#### [Task statement]
The task calls for every entry to be printed word for word, without the images.

----------------

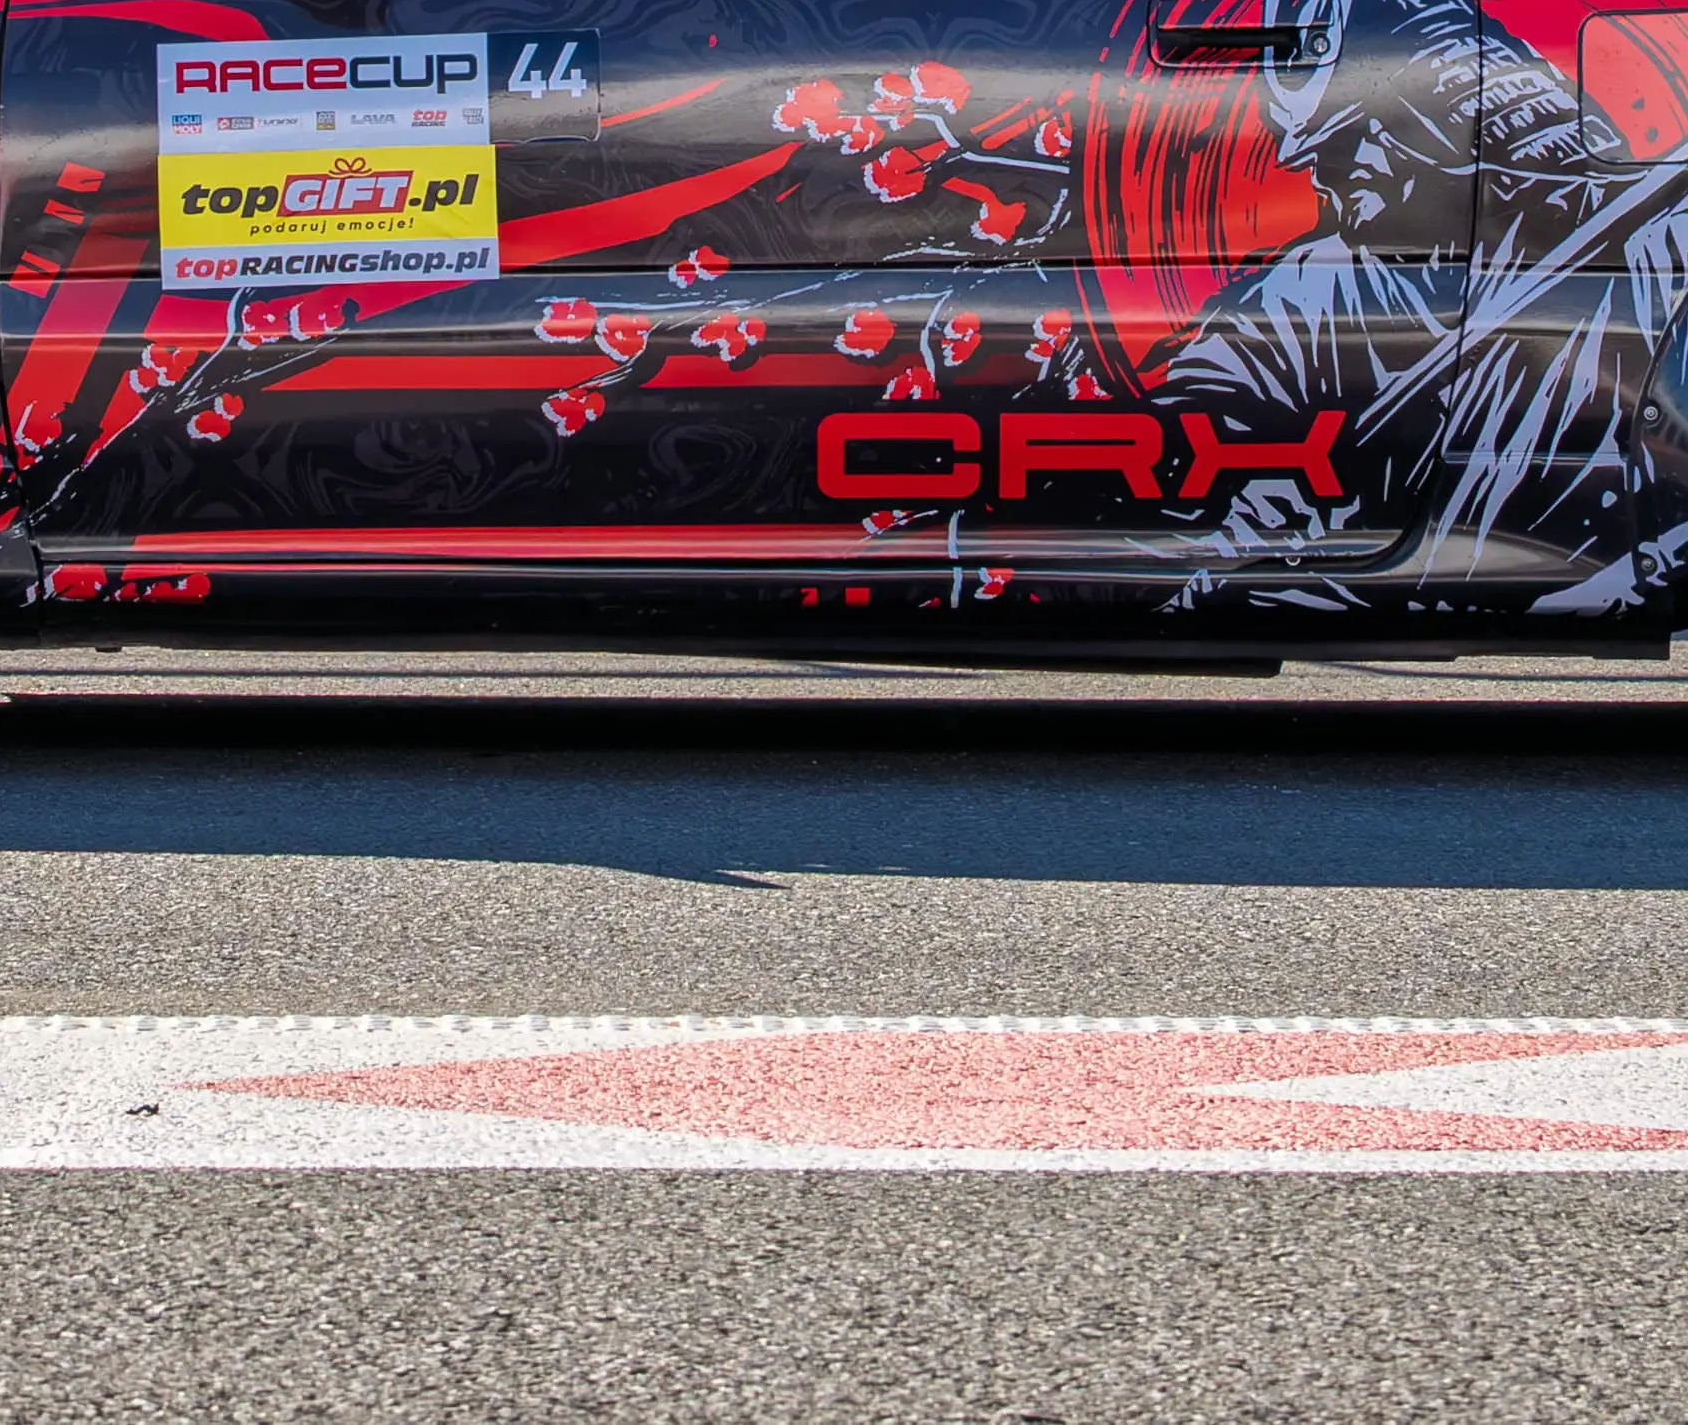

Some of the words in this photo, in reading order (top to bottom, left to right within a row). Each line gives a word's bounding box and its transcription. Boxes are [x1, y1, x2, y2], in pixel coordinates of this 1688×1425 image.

[508, 41, 587, 99] 44
[172, 115, 201, 125] LIQUI
[173, 125, 202, 134] MOLY
[181, 173, 479, 219] topGIFT.pl
[249, 220, 328, 237] podaruj
[336, 217, 415, 233] emocje!
[175, 246, 492, 281] topRACINGshop.pl
[817, 410, 1346, 500] CRX

----------------

#### [Solution for this task]
Some of the words in this photo, in reading order (top to bottom, left to right within a row). Each line gives a word's bounding box and its transcription. Boxes are [x1, y1, x2, y2], in pixel coordinates of this 1688×1425 image.

[508, 41, 587, 99] 44
[172, 115, 201, 125] LIQUI
[173, 125, 202, 134] MOLY
[181, 173, 479, 219] topGIFT.pl
[249, 220, 328, 237] podaruj
[336, 217, 415, 233] emocje!
[175, 246, 492, 281] topRACINGshop.pl
[817, 410, 1346, 500] CRX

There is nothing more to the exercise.